I know this is a function of oldernessisms. I don't sleep like a baby any more. I'm not a baby unless you count baby plus 63 years, baby.
So, no matter what time I go to bed I wake up at the same time. 4AM. I know because I turn on my little radio and they tell me the time. Every morning the same.
Most of the time I toss and turn and attempt to get a few winks more. Mostly I don't. I just toss and turn.
So, this morning I rolled out at 4 AM and turned on the Prayer Room from KC off the Direct TV channel 365.That was good. I answered some overnight emails and did some other work. Then about 6 I went back to bed for an hour. However, 7AM, my bioclock said get up you slugabed. So, I'm up for the day.

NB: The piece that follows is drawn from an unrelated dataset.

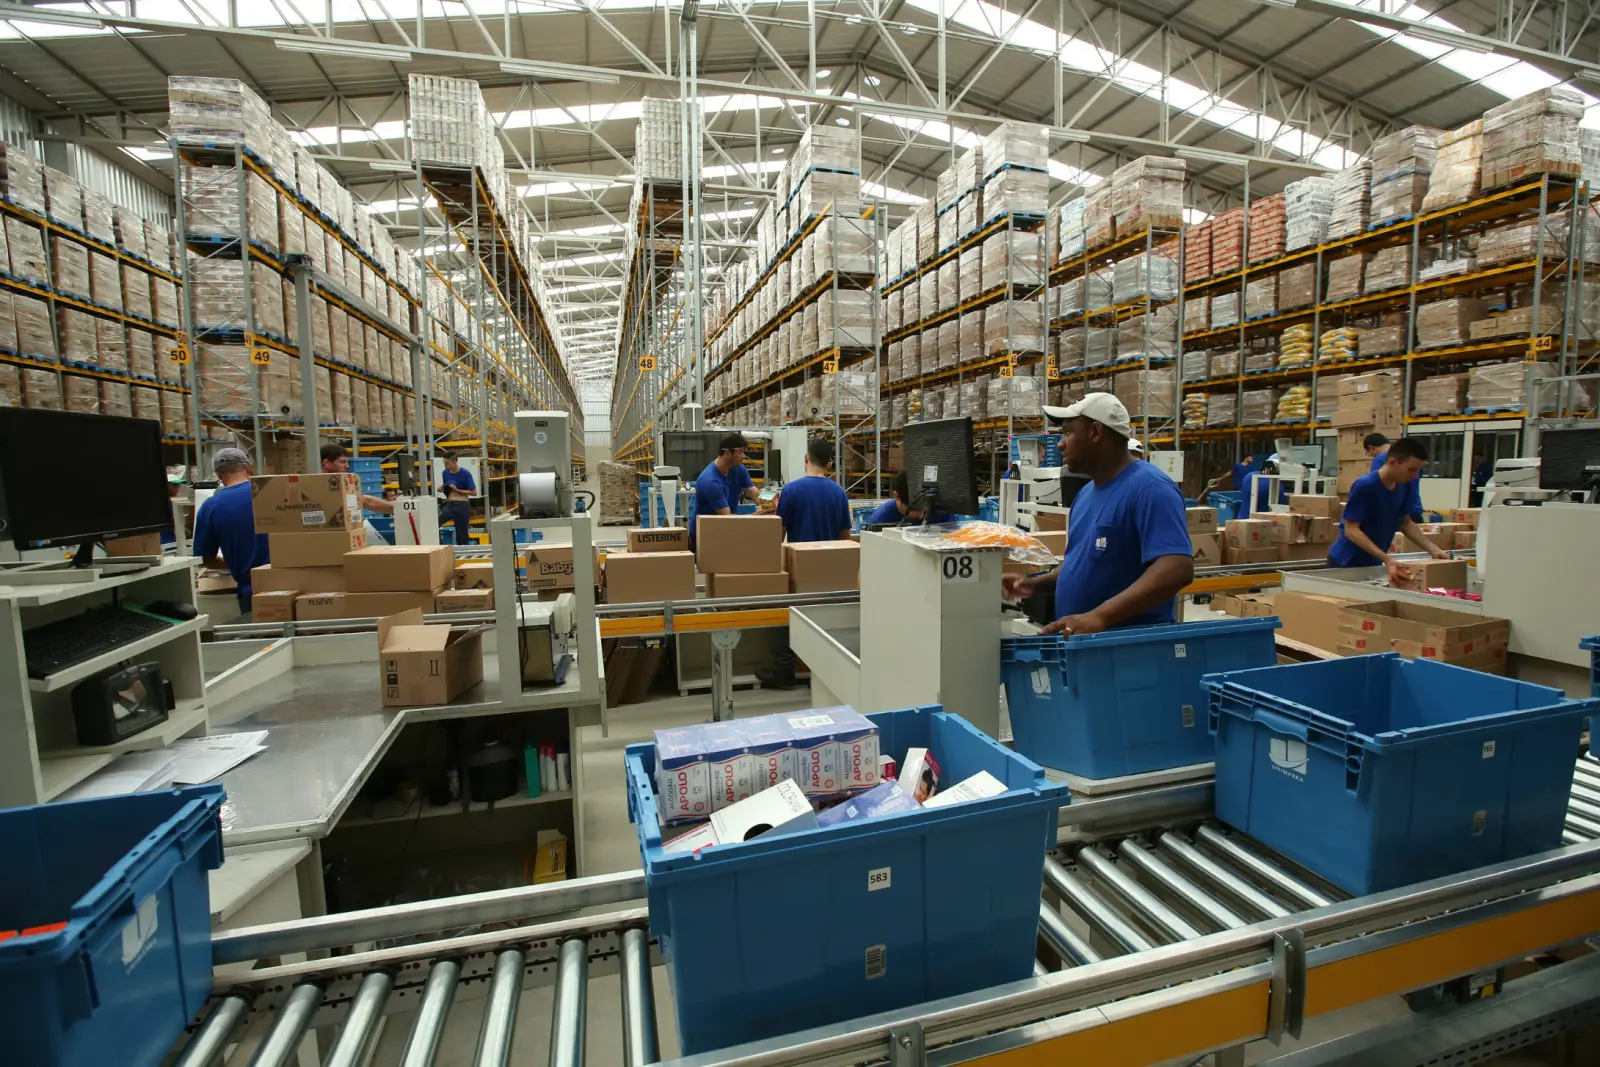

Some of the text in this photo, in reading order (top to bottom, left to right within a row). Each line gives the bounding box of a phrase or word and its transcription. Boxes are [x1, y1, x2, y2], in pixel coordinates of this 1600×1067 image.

I'm OK but I'm grumpier than usual if I don't get a good nites sleep. That would be 7 on the Richter grump scale.
That's why I need sleep.
Degrumifying.
Oh, I have the joy of the Lord, it's just the non Lord stuff that I'm grumpy about. Like a lack of sleep.
I'll sleep good tonight. I hope. Time to break out the melatonin again. That works really well for me. But, I'm not consistent. Please don't write me with the take a drink of milk or something. Sometimes just a restless day is payment enough. I'll sleep tonight.